• _ACTION ITEM_: When you transcribe the listing, keep each line exact and drop the pictures.

• _SOURCE INFORMATION_:
......

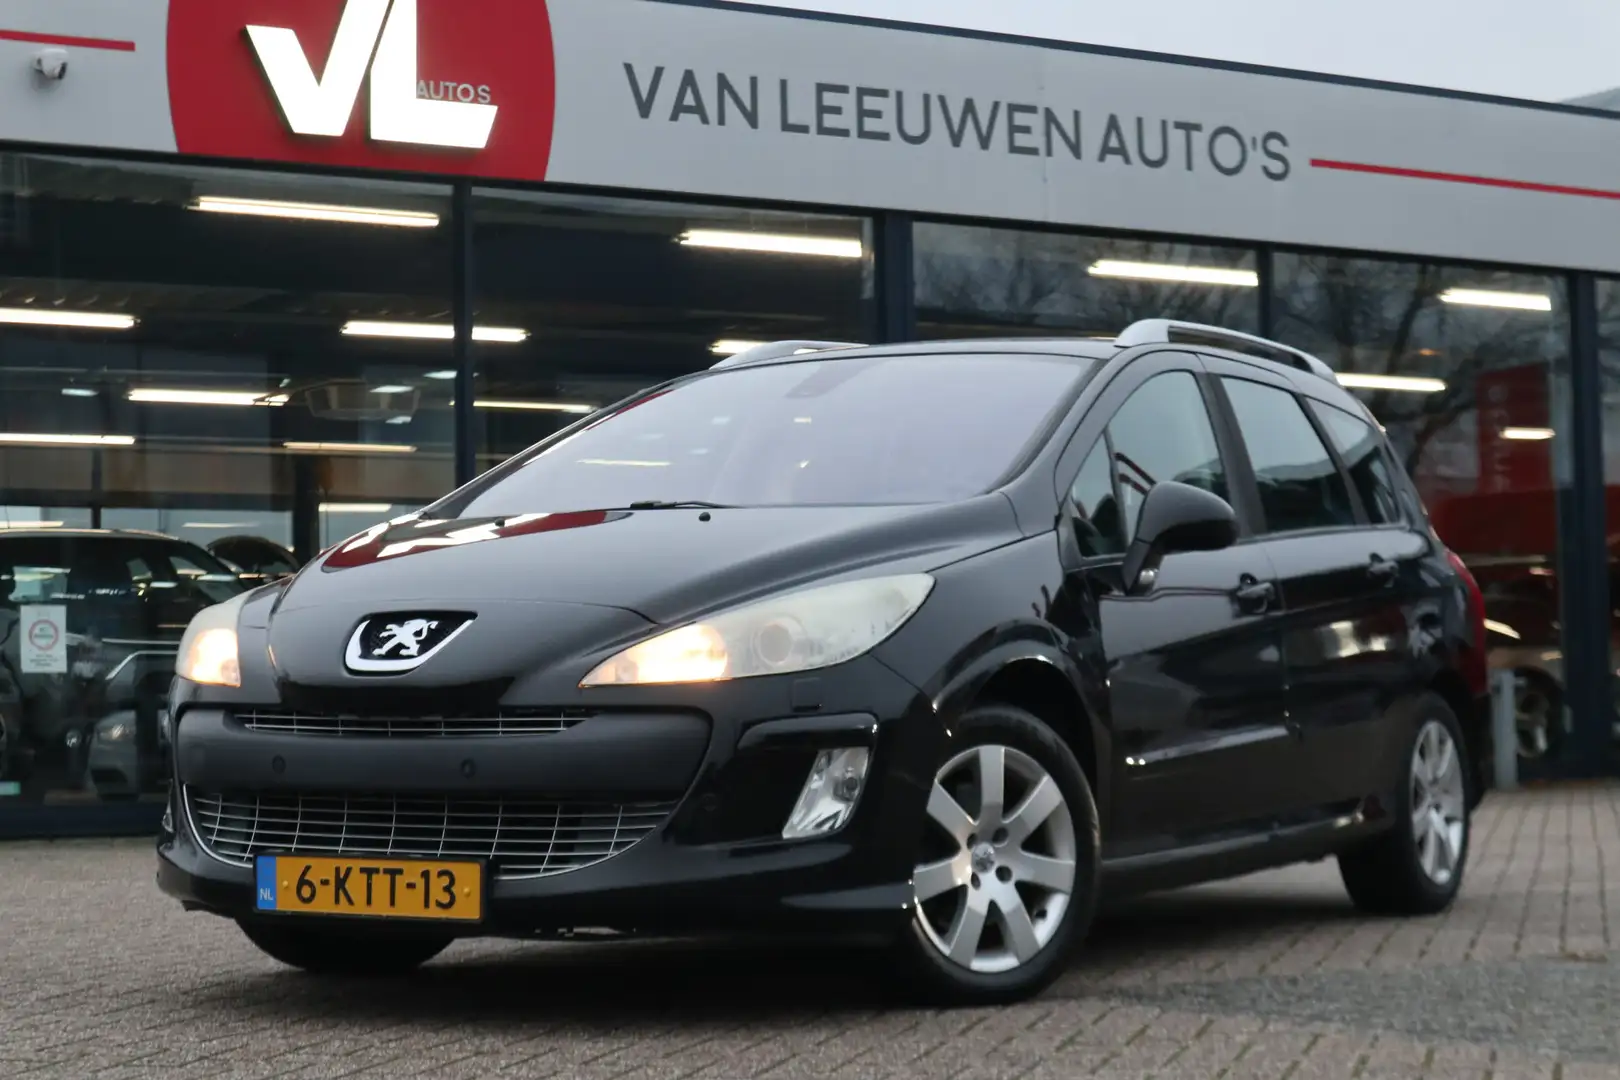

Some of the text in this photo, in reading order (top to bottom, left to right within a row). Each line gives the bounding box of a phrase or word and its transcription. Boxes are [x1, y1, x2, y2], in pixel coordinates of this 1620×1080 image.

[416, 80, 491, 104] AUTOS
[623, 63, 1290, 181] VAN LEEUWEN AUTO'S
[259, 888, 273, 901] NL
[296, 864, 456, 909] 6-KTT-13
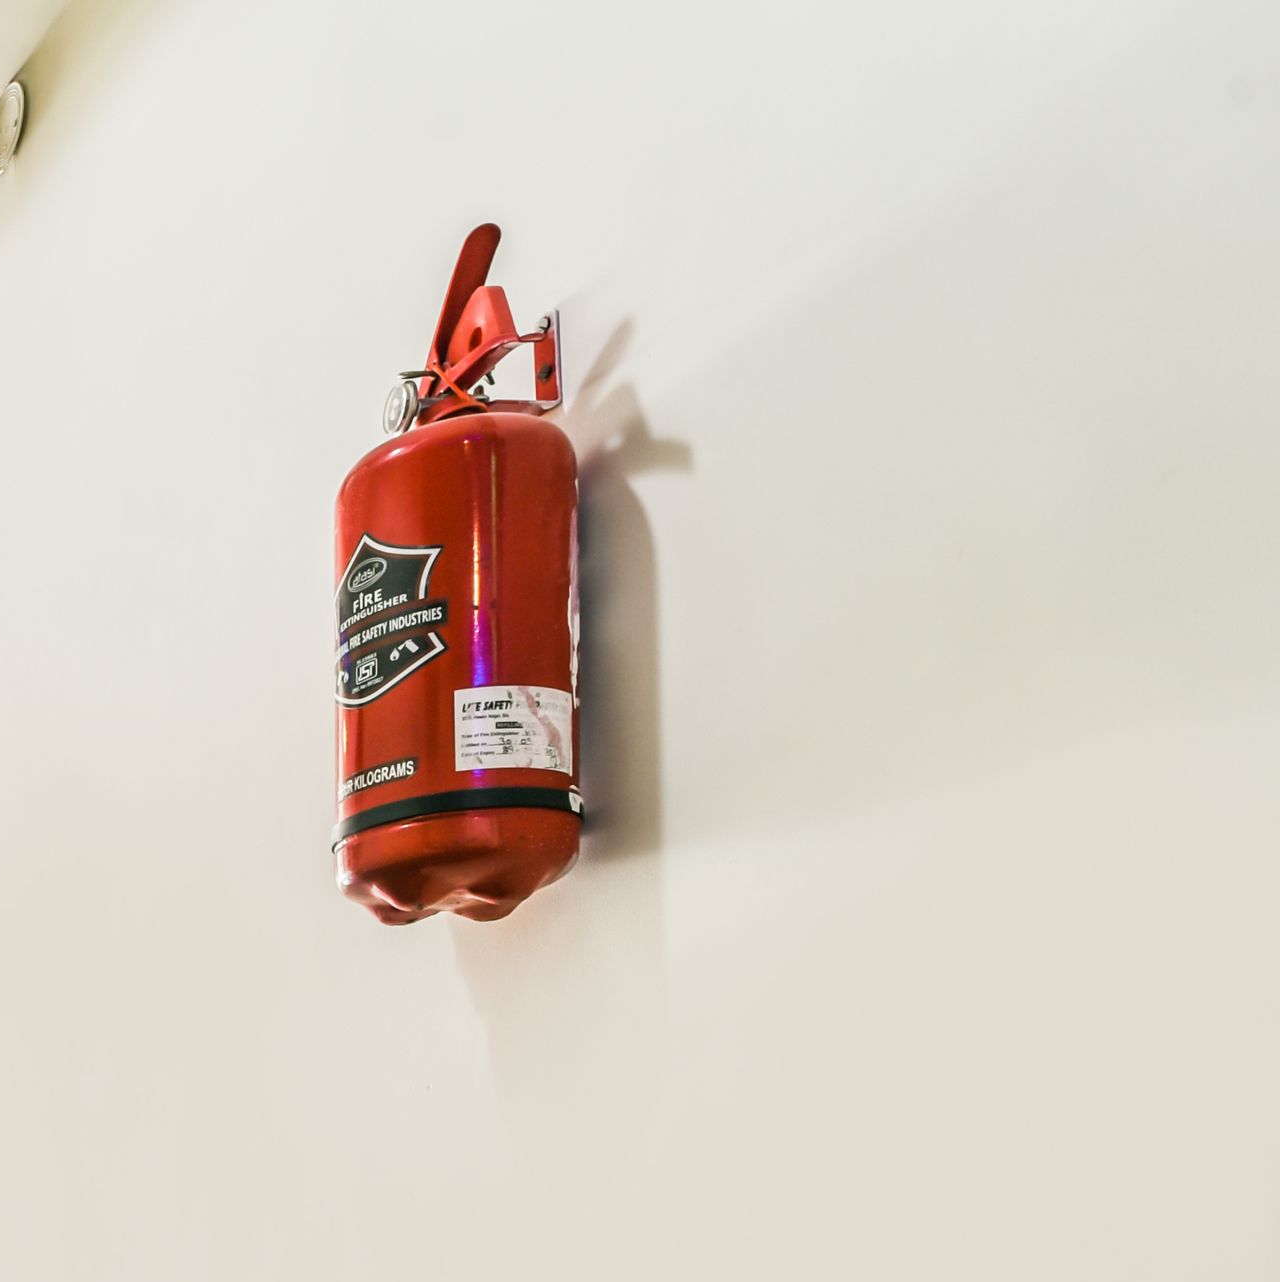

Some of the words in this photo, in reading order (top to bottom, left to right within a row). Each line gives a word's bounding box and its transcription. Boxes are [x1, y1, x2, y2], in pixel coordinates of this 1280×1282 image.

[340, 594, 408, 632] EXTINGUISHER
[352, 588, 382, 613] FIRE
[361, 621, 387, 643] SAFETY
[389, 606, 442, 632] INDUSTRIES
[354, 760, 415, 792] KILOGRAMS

......

• _RESULT BELOW_:
Some of the text in this photo, in reading order (top to bottom, left to right within a row). Each line gives the bounding box of a phrase or word and its transcription. Boxes are [x1, y1, x2, y2], in pixel coordinates of this 1620×1080 image.

[416, 80, 491, 104] AUTOS
[623, 63, 1290, 181] VAN LEEUWEN AUTO'S
[259, 888, 273, 901] NL
[296, 864, 456, 909] 6-KTT-13

Some of the words in this photo, in reading order (top to bottom, left to right within a row). Each line gives a word's bounding box and its transcription. Boxes are [x1, y1, x2, y2], in pixel coordinates of this 1280×1282 image.

[340, 594, 408, 632] EXTINGUISHER
[352, 588, 382, 613] FIRE
[361, 621, 387, 643] SAFETY
[389, 606, 442, 632] INDUSTRIES
[354, 760, 415, 792] KILOGRAMS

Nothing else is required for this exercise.